ギアリーは1986年発達心理学で博士号を取り,認知,発達,進化心理,教育,医学など幅広い分野で研究を行っている.進化心理分野においては生活史と性淘汰を研究し,この知見を発達心理学の研究と統合することを試みている.その他一般知能の進化過程の解明と認知的モジュールの統合の試み,数学能力の発達,数学学習障害などにも取り組んでいる.

  • ダーウィンの自然淘汰の原理は生物科学史上最重要なアイデアだ.私の興味は非常に多くの点でダーウィンが「人間の由来」において表明したものに似ている.ここでダーウィンはヒトの心の進化と性差の謎を扱っているのだ.
  • 認知過程やバイアスを研究する際に,進化の歴史を直接反映するものと文化や経緯に強く影響されるものの区別は重要だ.私は早くからこの区別を重視し,生物学的一次能力と生物学的二次能力として区別してきた.一次能力はヒトのあらゆる文化に見られ進化によって直接形成されたものだ.言語能力などがこれにあたる.これに対して二次能力は文化によって見られたり見られなかったりし,一次能力の基盤の上にしばしば公教育を通じて獲得されるものになる.代表的なものには識字能力がある.

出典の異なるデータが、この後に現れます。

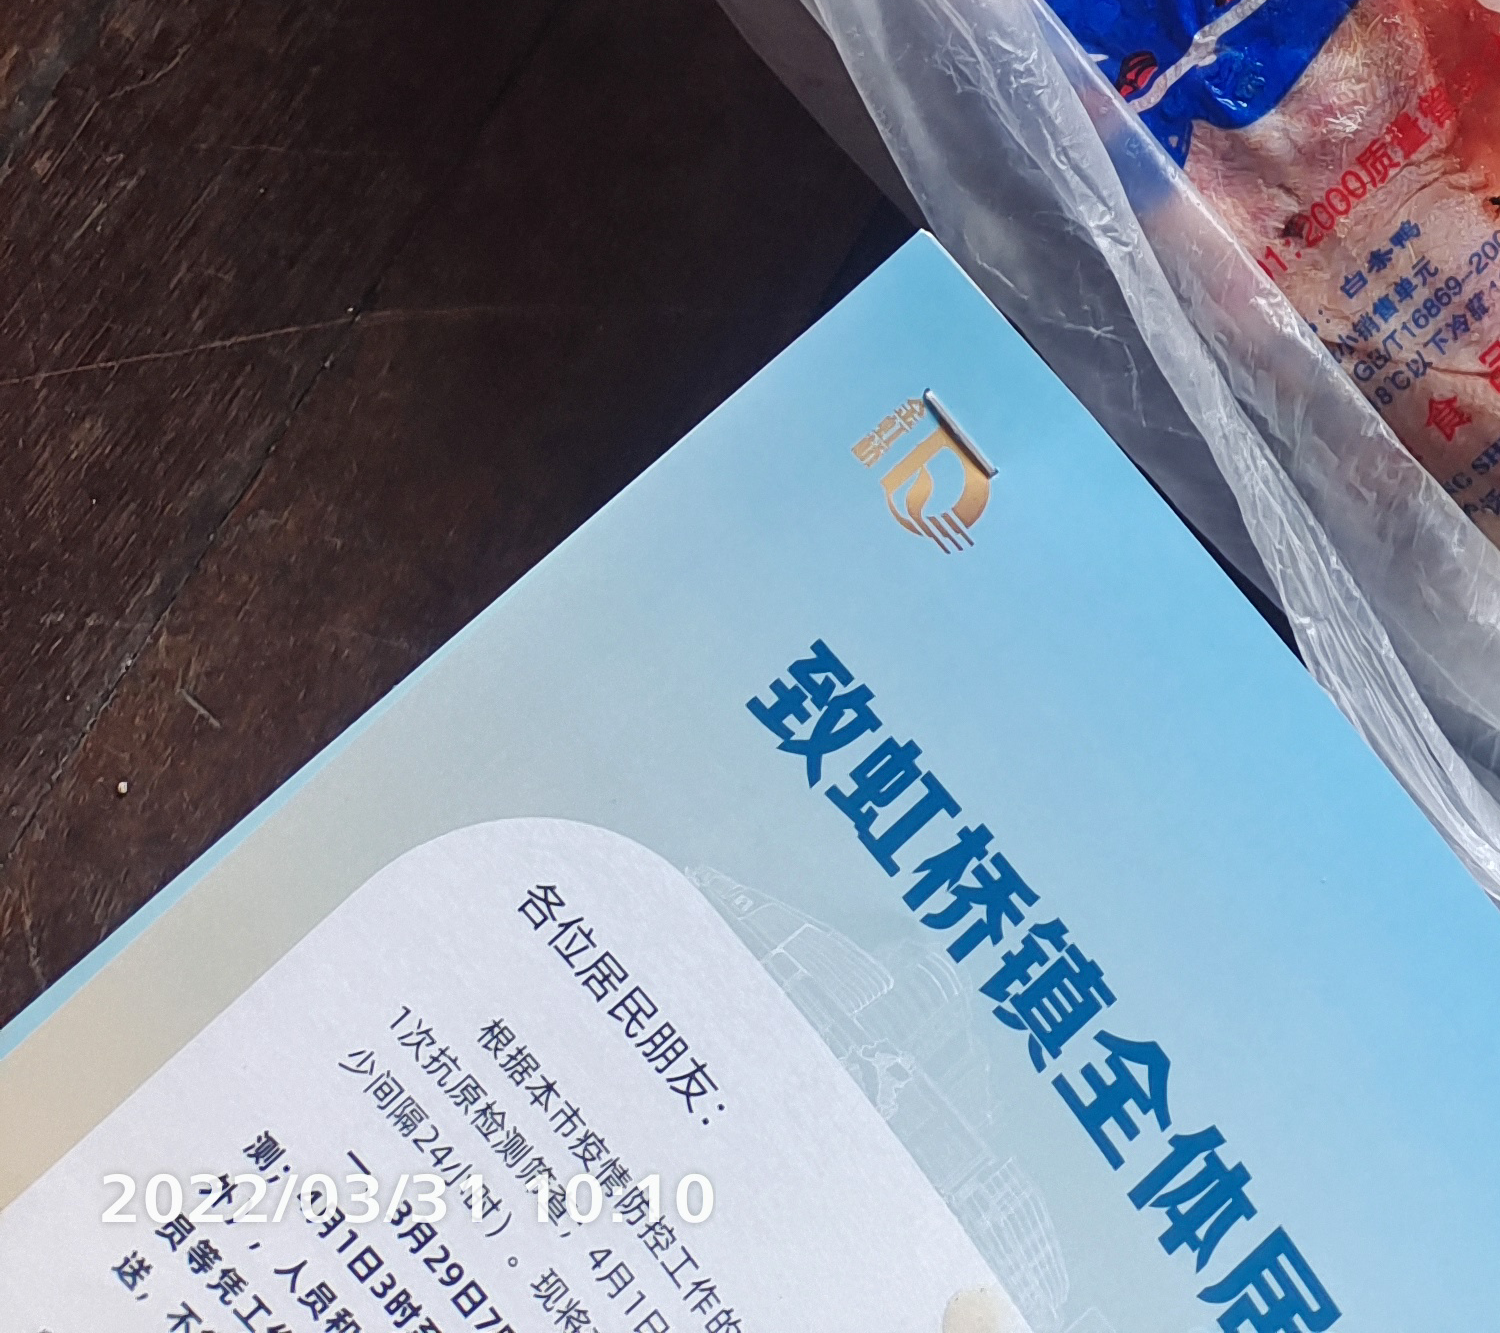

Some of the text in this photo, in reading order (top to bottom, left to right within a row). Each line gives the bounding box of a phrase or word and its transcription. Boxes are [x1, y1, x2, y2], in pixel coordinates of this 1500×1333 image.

[1330, 255, 1439, 363] 小销售单元
[517, 883, 726, 1126] 各位居民朋友：
[745, 638, 1343, 1333] 致虹桥镇全体居

  • 子どもは二次能力の獲得については,(一次能力と異なり)生得的な学習動機バイアスを持たない.そして二次能力を獲得するには努力してトップダウン処理に従事する必要があり,子どもにとって遙かに難しい課題になる.
  • このような作業をサポートするメカニズムは一体何者で,そのように進化したのだろうか.私の「The Origin of Mind」はこの疑問を取り上げた一冊だ.
  • 非常に重要な最初の課題は生物学的一次能力の分類法の確立だった.具体的には素朴心理学,素朴生物学,素朴物理学の各素朴領域を考えた.これが基盤システムになり,そこから二次能力が形成される.

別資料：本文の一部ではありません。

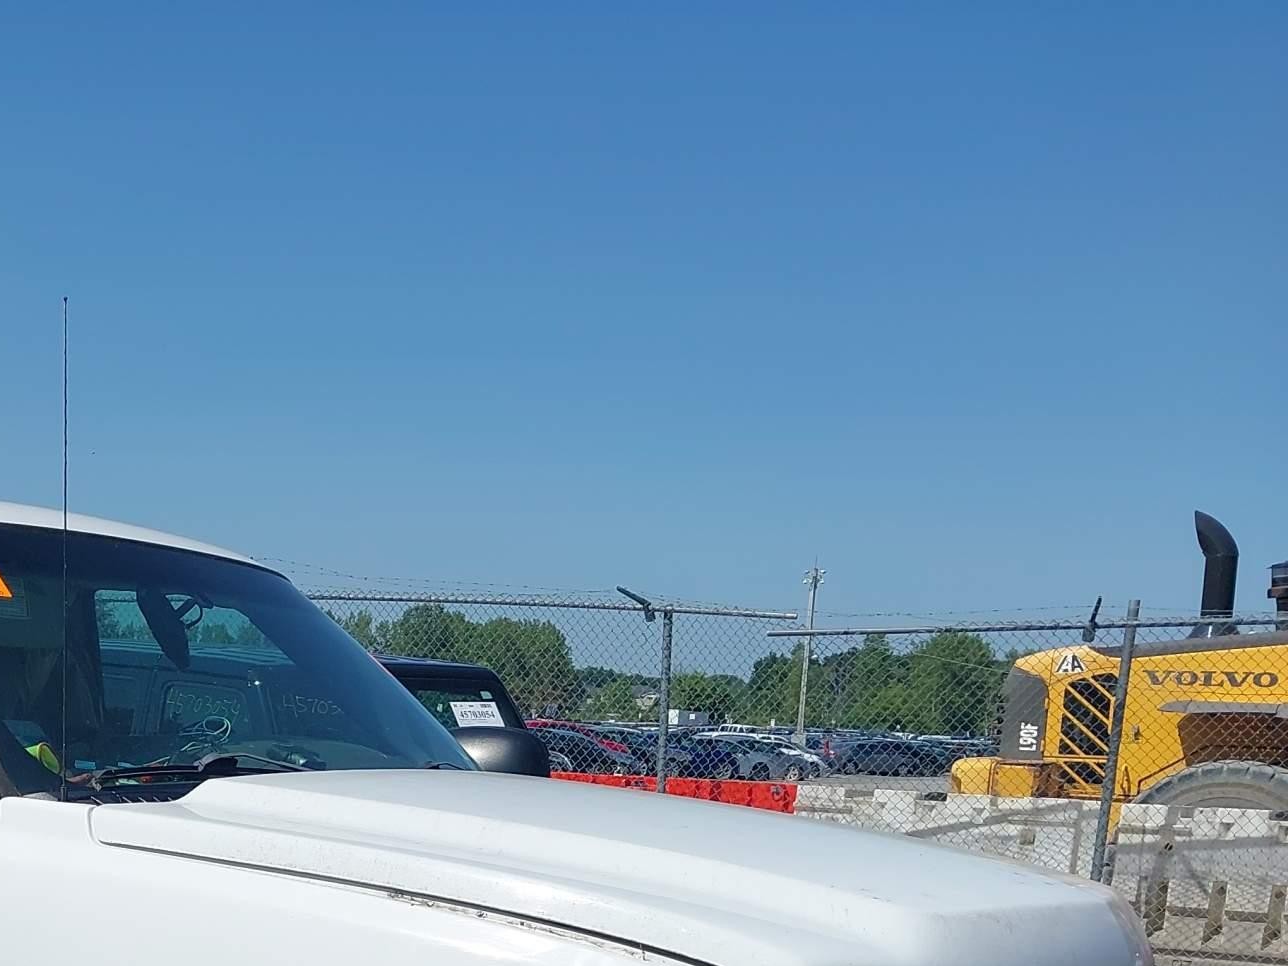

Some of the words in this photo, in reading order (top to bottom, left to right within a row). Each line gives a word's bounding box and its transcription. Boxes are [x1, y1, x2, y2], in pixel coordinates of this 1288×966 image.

[1143, 670, 1279, 687] VOLVO
[460, 710, 496, 719] 45703054
[1019, 722, 1039, 751] L90F
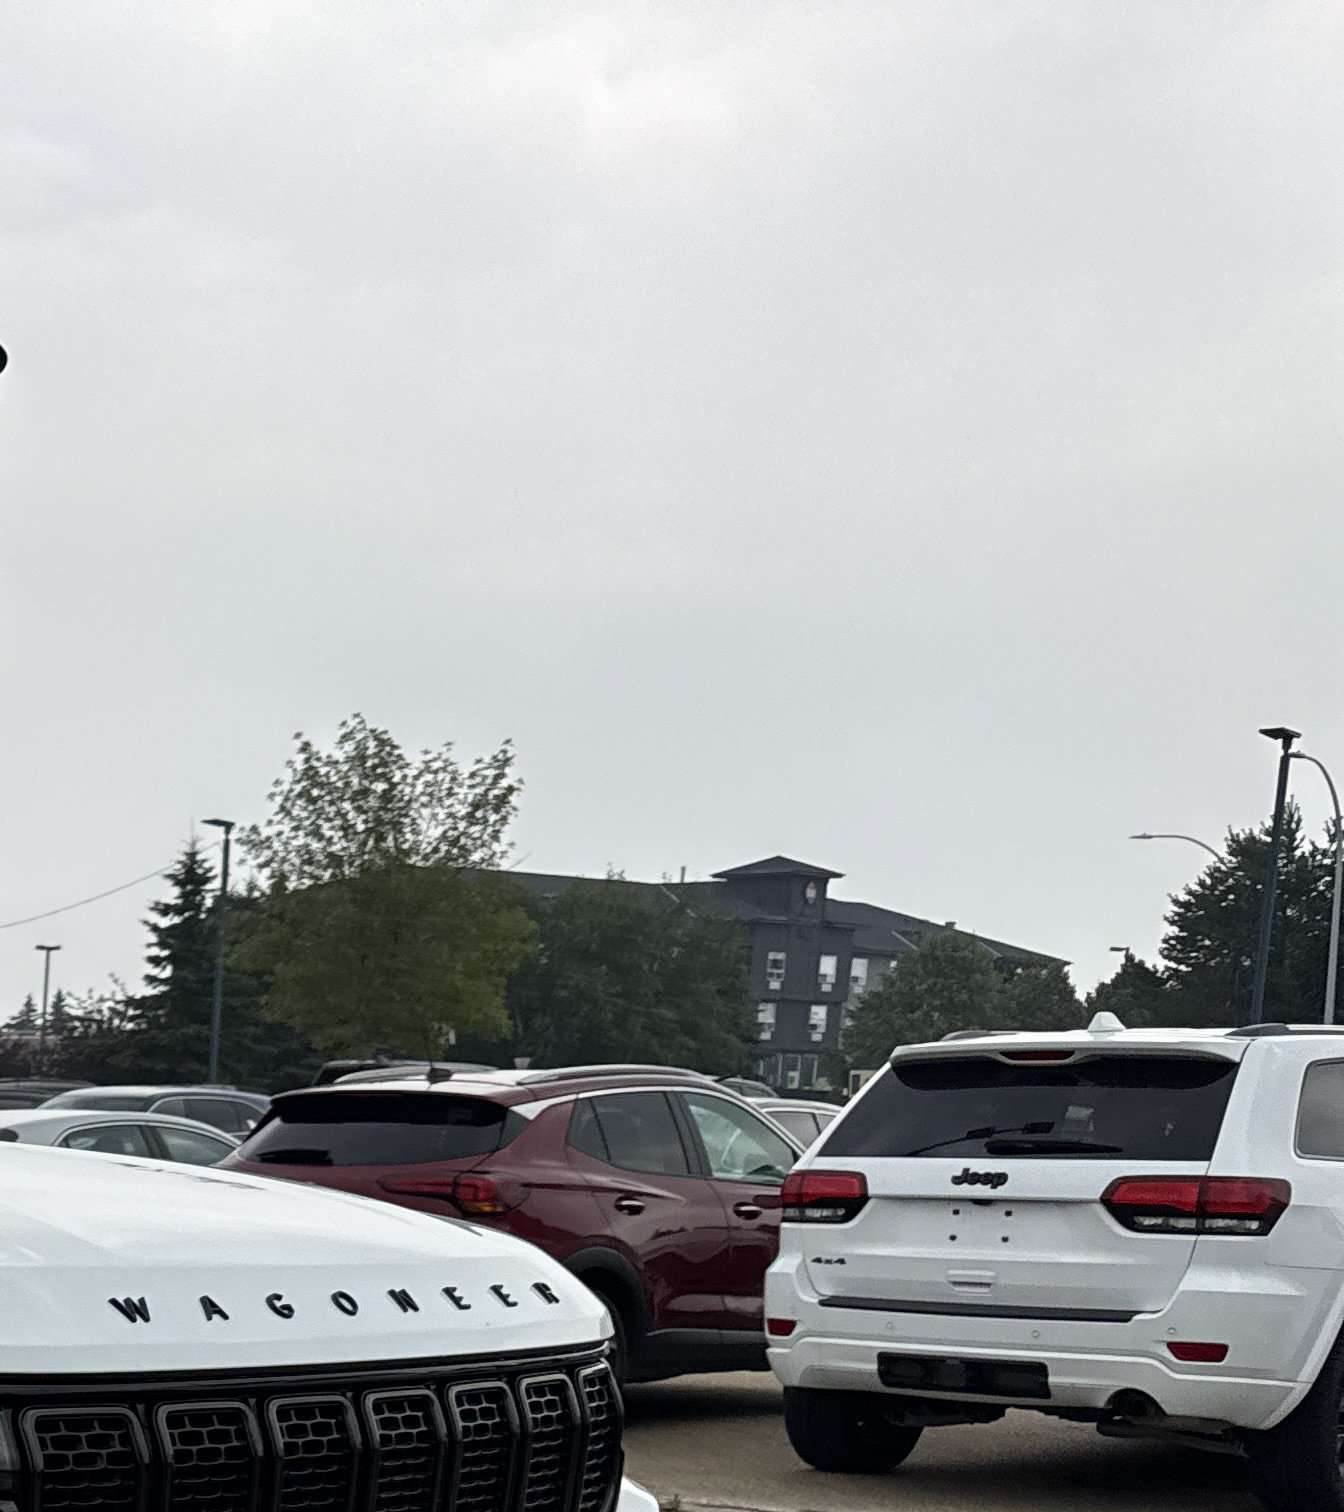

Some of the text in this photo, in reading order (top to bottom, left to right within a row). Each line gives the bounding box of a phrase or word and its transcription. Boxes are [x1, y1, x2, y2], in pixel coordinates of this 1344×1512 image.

  • 各素朴学は特定タイプの情報を処理するバイアスがかかっており,これらはモジュール能力であると言える.しかし同時に人類の進化過程においては関連情報の変動に対応することが重要であったこともあるはずで,これらの能力には一定の可塑性があると期待される.例えば顔認識システムにおいて親とそうでない他者の区別は重要になる.進化の帰結として制約の範囲内で調整可能な「柔らかなモジュール」が生まれるだろう.

 

  • しかしそれだけでは一般知能を説明できない.実証研究では二次能力の獲得を最もよく説明できるのは一般知能だった.
  • この課題に対しては,進化的に新奇な状況への対処を可能にしたメカニズムの特定から始めた.気候変動を重視する論者もいるが,私は社会の変動の方が重要だと考えた.

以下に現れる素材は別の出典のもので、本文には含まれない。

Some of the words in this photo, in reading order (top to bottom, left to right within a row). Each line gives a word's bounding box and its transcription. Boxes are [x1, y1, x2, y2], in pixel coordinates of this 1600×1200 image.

  • 私が提唱したのは,多様で変動する状況に人々が対処することを可能にする中核的メカニズムは自伝的メンタルモデルであるという説だ.これは自覚的注意に基づき,ワーキングメモリを使って形成される状況の心的表象だ.これにより過去や現在を想起し,未来のシミュレーションを行い,起こりうる複数の事態に対処する戦略を練れるようになる.
  • 社会的競争が脳と認知能力の進化を促し,ヒトはモジュール化した一次素朴能力と(ワーキングメモリ,一般知能,自己認識などの)それを担う認知メカニズムを獲得した.これらの進化的機能は,不確実である未来の状況を予測し,問題解決にあたることだ.
  • 続いて論文集「Educating the Evolved Mind」を出し,これらのメカニズムが生得的な動機バイアス,文化的歴史,学校教育とどう相互作用しているかを論じた.結果的に進化教育心理学分野の概説を書くことになった.

  • 「人間の由来」のもう1つの大きなテーマは性淘汰だ.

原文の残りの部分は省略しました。